In this study, we identified a broad and diverse set of noncoding RNAs that accumulate with a mutation in the catalytic subunit of RNase P. There is increasing evidence that long, noncoding RNAs (lncRNAs) serve regulatory functions in eukaryotes (Mercer et al. 2009; Ponting et al. 2009; Lee 2010; Ponting and Belgard 2010; van Leeuwen and Mikkers 2010), although the mechanisms by which the lncRNA transcripts are turned over are only beginning to be elucidated. Originally, the widespread occurrence of CUTs and SUTs in S. cerevisiae was difficult to interpret in light of the lack of a small interfering RNA (siRNA) pathway for RNA or the equivalent of the Schizosaccharomyces pombe chromatin modification pathway, although recent observations suggest that alternative chromatin modification pathways might be engaged (Camblong et al. 2007; Berretta et al. 2008; Houseley et al. 2008).
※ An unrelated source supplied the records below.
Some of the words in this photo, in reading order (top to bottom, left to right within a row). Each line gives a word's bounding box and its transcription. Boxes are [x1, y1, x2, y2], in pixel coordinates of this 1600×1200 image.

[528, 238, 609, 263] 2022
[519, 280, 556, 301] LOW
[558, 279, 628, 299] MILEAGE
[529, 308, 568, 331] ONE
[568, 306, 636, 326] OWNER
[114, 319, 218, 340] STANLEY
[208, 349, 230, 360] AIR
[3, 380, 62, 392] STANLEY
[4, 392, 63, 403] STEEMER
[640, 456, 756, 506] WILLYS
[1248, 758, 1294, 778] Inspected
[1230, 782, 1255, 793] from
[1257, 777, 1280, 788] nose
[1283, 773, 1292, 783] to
Confirming that these RNAs are RNase P substrates in vivo is difficult given that in vitro studies (Chamberlain et al. 1996; Coughlin et al. 2008; Marvin et al. 2011) have shown that nuclear RNase P can bind and cleave single-stranded RNA at multiple positions without clear sequence or structural requirements. Our in vitro study of cleavage preferences deliberately chose both sense and antisense RNAs across a region where the balance was affected by RNase P mutations, showing that RNase P could bind all segments across the region and cleave RNAs from both strands at multiple places (Camblong et al. 2007; Coughlin et al. 2008; Marvin et al. 2011). Thus, we are confident that RNase P is potentially capable of cleaving all of the RNAs that accumulate in the ts mutant strain, if it is allowed access to the deproteinized RNA. Although it is formally possible that the RNAs are accumulating due to some indirect effect of the RNase P mutation elevating promiscuous transcription from many sites in the genome, the most likely hypothesis is loss of normal participation by RNase P in RNA turnover.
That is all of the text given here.